第8話 メイド

 アイリス達吸血鬼と出会った次の日、学校は休みだったのでルイシャは自室でいつもより少し遅く目を覚ました。

 窓から差し込む朝日に鼻先をくすぐる風。

 どうやら今日はいい天気みたいだ……。


 と、そこまで考えてルイシャは異常事態に気づきガバッ! と起き上がる。

 なんで昨日ちゃんと窓とカーテンを閉めたのに開いてるんだ!?

 警戒しながら部屋を見渡すルイシャ。


 するとその答えは目の前にいた。


「おはようございます。いま朝ごはんを作ってますからもう少々お待ちください」


 そこにいたのはメイド服に身を包んだ吸血鬼の少女アイリスだった。

 クールで表情の乏しい彼女がフリフリの可愛らしいメイド服を着ているのはとてもギャップがあってルイシャはドキドキしてしまう。


「な、なんでアイリスが僕の部屋にいるの!?」


「あの程度の鍵、私にはついてないも同然です」


 そう言ってアイリスは右手の人差し指の爪をニュ! と伸ばして見せる。


「いや入った方法じゃなくて理由を聞いてんだけど……」


「へ? しもべたる私がルイシャ様のお世話をするのは当然ではないですか」


 何を言っているんだ。とばかりにアイリスはきょとんとした顔でそう言う。

 どうやらもうルイシャの世話をするのは彼女の中で確定事項のようだ。


「さあさあご飯にしましょう。たっぷり愛情を込めましたからね」


「澄ました顔でよくそんなことが言えるね……」


 戸惑いながらもルイシャはアイリスと共に朝食を摂ったのだった。

 ちなみにアイリスの作ったご飯はめちゃくちゃ美味しかった。






 ◇





 その日ルイシャはアイリスと共に魔王を救う作戦を考えた。その議論は白熱し気づけば外は暗くなっていた。

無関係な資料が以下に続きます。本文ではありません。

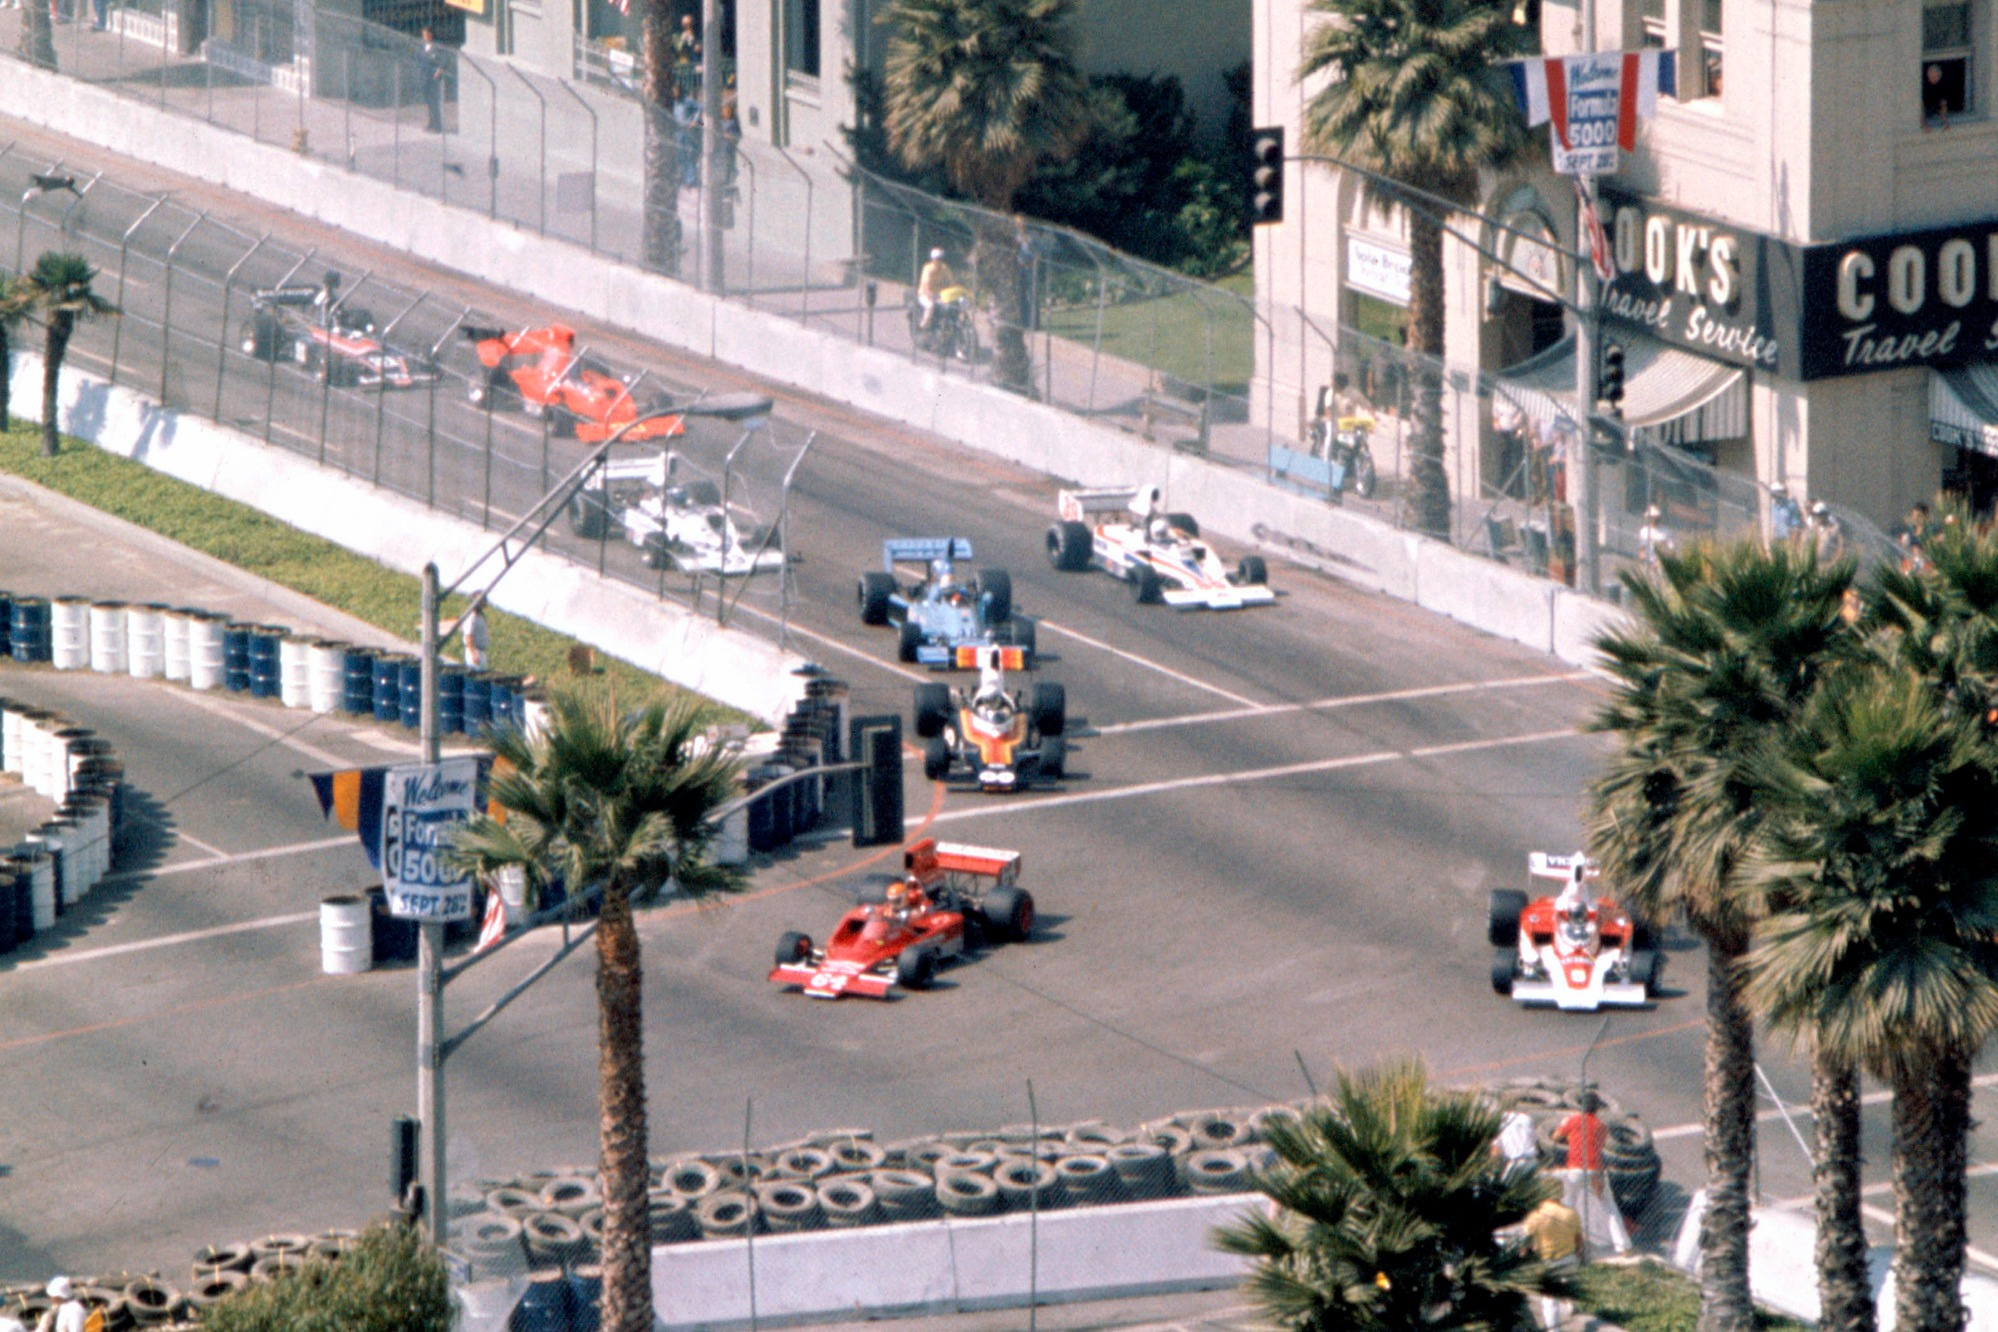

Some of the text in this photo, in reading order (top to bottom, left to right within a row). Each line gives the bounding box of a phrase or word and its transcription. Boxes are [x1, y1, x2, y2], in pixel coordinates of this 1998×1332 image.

 話の結論としては、鍵となるのはやはり「勇者の遺物」ということになった。


 今まで運良く二つ手にすることが出来たが残りがどこにあるのか、そもそも何個集めれば封印を完全に解除できるのか全くわからない。


「遺物の行方の捜索でしたら我々も力になれると思います」


 アイリスは大きな胸を張りながらルイシャにそう提案する。


「私の仲間の吸血鬼達は魔王様を探すため大陸中に散らばっています。彼らの力を借りれば遺物の情報を見つけることもできるでしょう」


「大陸中に仲間がいるの!? それはすごい頼りになるね!」


「そうなのです、えへん」


 誇らしげに胸を張るアイリス。

 しかし次の瞬間いきなりうなだれて落ち込み始める。


「まあすぐに繋がる連絡手段がないので時間がかかるとは思いますが……」


 意外ところころ表情が変わる子だなあ、とルイシャはアイリスをみて感じる。

 どうやら表情にあまり出ないだけで感情は豊かみたいだ。


「いやでもすごい頼りになるよ。なにせ今まで誰にも手伝ってもらえなかったからね」


 ルイシャは落ち込むアイリスの手を取り励ます。

 するとアイリスは顔を赤らめ、目をとろんとさせルイシャを見つめる。


「あ、アイリス?」


「ルイシャ様……」


 戸惑うルイシャの胸にぽふ、とアイリスは自分の顔をうずめる。

 そしてなんとアイリスはその体勢のまま「ん……」と艶めかしい声を出しながらメイド服を脱ぎ始める。